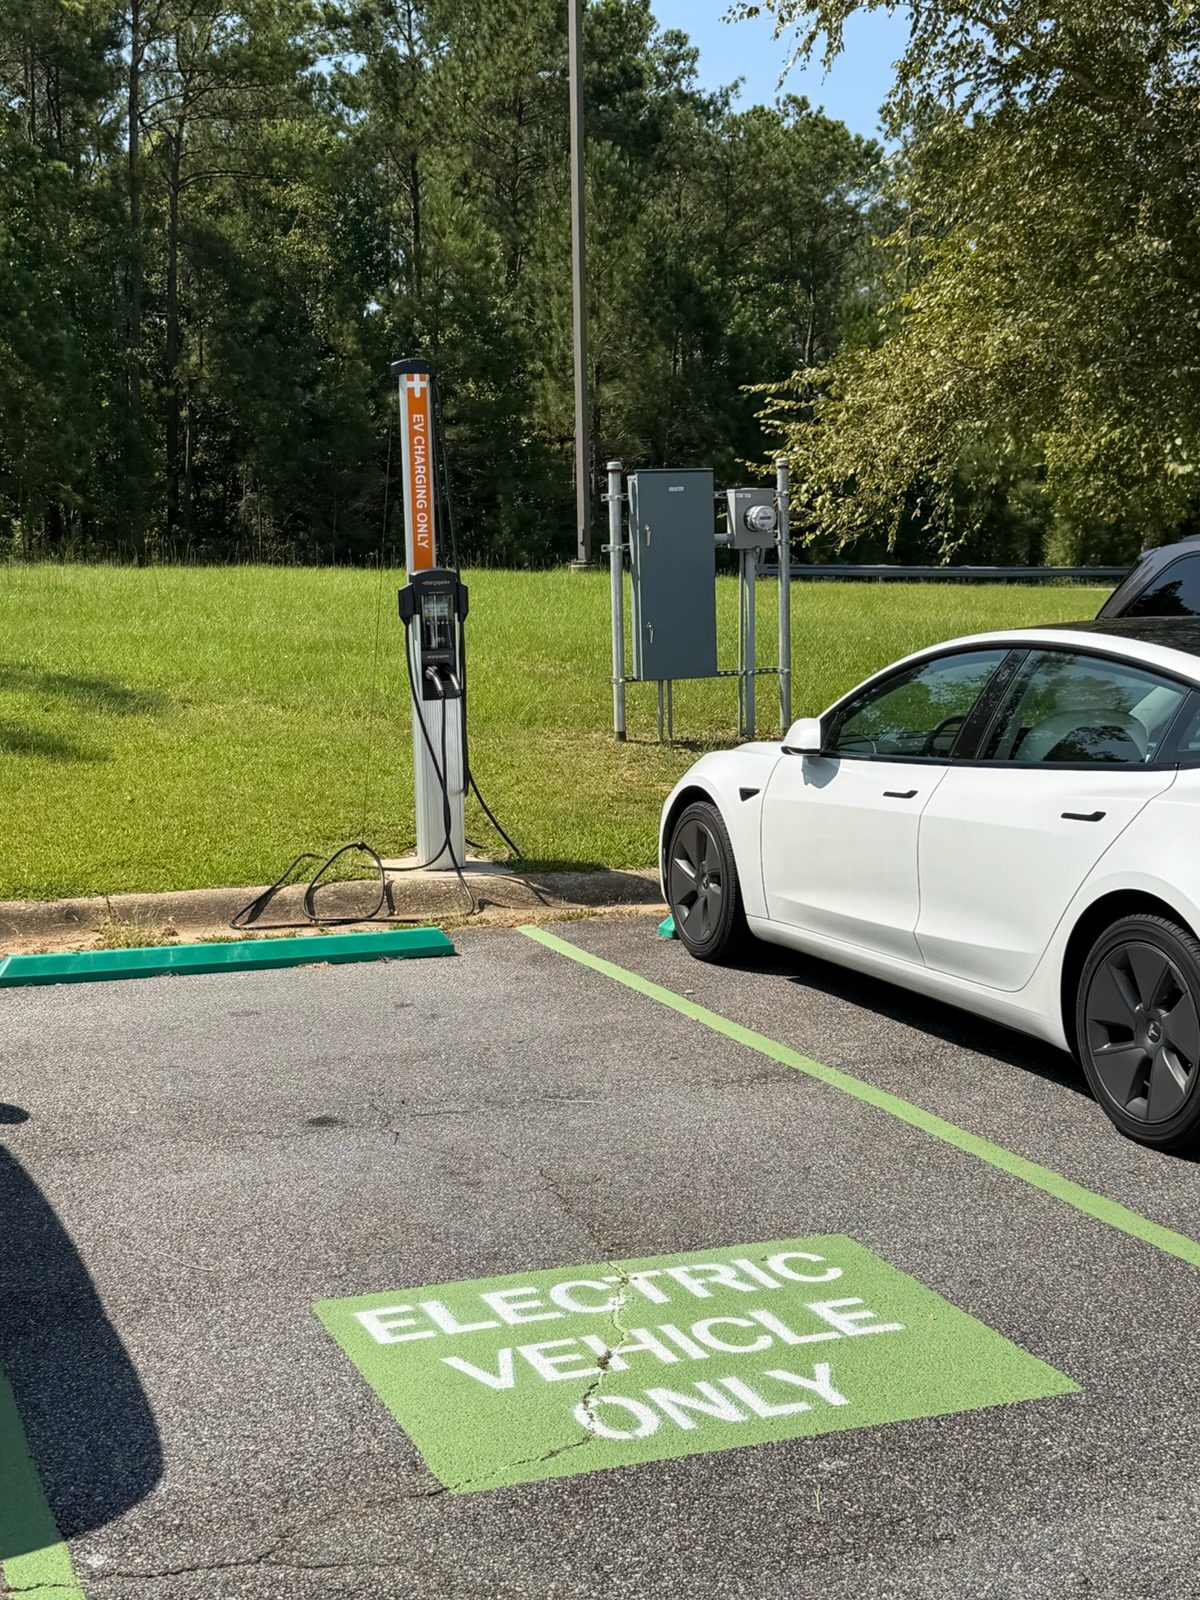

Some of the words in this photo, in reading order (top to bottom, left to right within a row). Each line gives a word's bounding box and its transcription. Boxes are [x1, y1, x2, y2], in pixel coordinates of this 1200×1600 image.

[413, 414, 424, 431] EV
[414, 436, 427, 508] CHARGING
[417, 512, 428, 548] ONLY
[353, 1250, 844, 1346] ELECTRIC
[441, 1297, 906, 1392] VEHICLE
[574, 1362, 851, 1441] ONLY
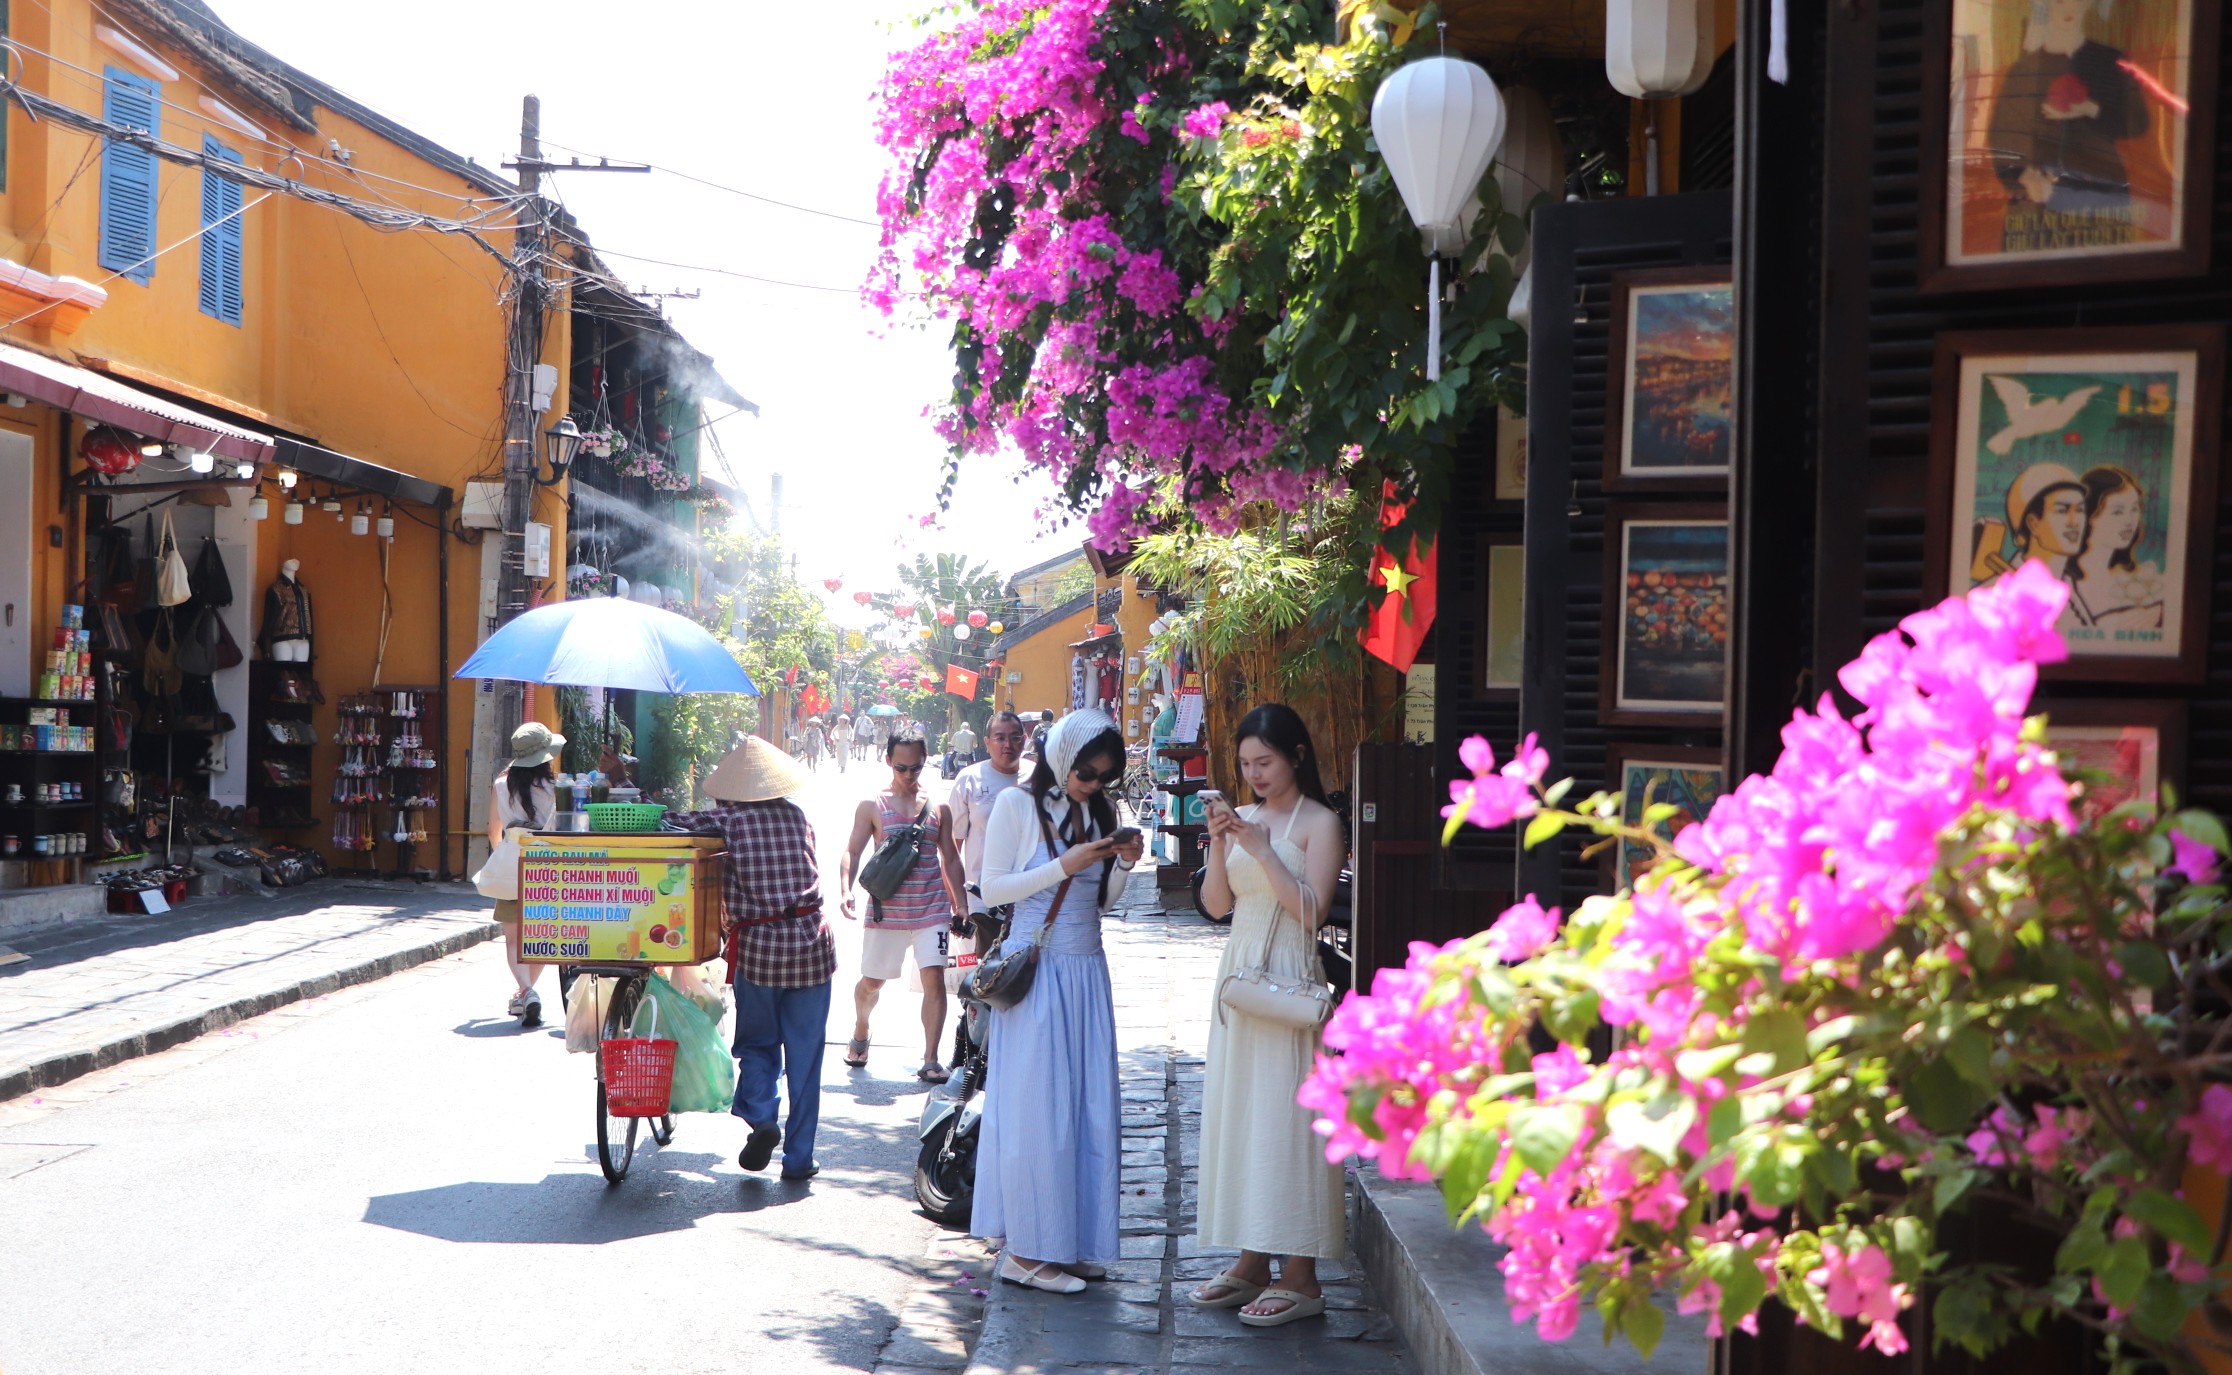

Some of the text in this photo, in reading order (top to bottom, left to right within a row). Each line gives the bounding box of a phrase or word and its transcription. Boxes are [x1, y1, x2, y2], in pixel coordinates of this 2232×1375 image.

[2118, 383, 2170, 415] 1.5
[525, 866, 639, 885] NƯỚC CHANH MUỐI
[524, 885, 559, 902] NƯỚC
[561, 887, 604, 903] CHANH
[622, 886, 655, 906] MUỘI
[524, 904, 558, 920] NƯỚC
[561, 906, 603, 921] CHANH
[523, 922, 589, 939] NƯỚC CAM
[523, 940, 590, 957] NƯỚC SUỐI

··········

Task description:
Every line above should be duplicated exactly; the pictures are to be left out.

Final answer:
Some of the words in this photo, in reading order (top to bottom, left to right within a row). Each line gives a word's bounding box and its transcription. Boxes are [x1, y1, x2, y2], in pixel coordinates of this 1200×1600 image.

[413, 414, 424, 431] EV
[414, 436, 427, 508] CHARGING
[417, 512, 428, 548] ONLY
[353, 1250, 844, 1346] ELECTRIC
[441, 1297, 906, 1392] VEHICLE
[574, 1362, 851, 1441] ONLY

Some of the text in this photo, in reading order (top to bottom, left to right within a row). Each line gives the bounding box of a phrase or word and its transcription. Boxes are [x1, y1, x2, y2], in pixel coordinates of this 2232×1375 image.

[2118, 383, 2170, 415] 1.5
[525, 866, 639, 885] NƯỚC CHANH MUỐI
[524, 885, 559, 902] NƯỚC
[561, 887, 604, 903] CHANH
[622, 886, 655, 906] MUỘI
[524, 904, 558, 920] NƯỚC
[561, 906, 603, 921] CHANH
[523, 922, 589, 939] NƯỚC CAM
[523, 940, 590, 957] NƯỚC SUỐI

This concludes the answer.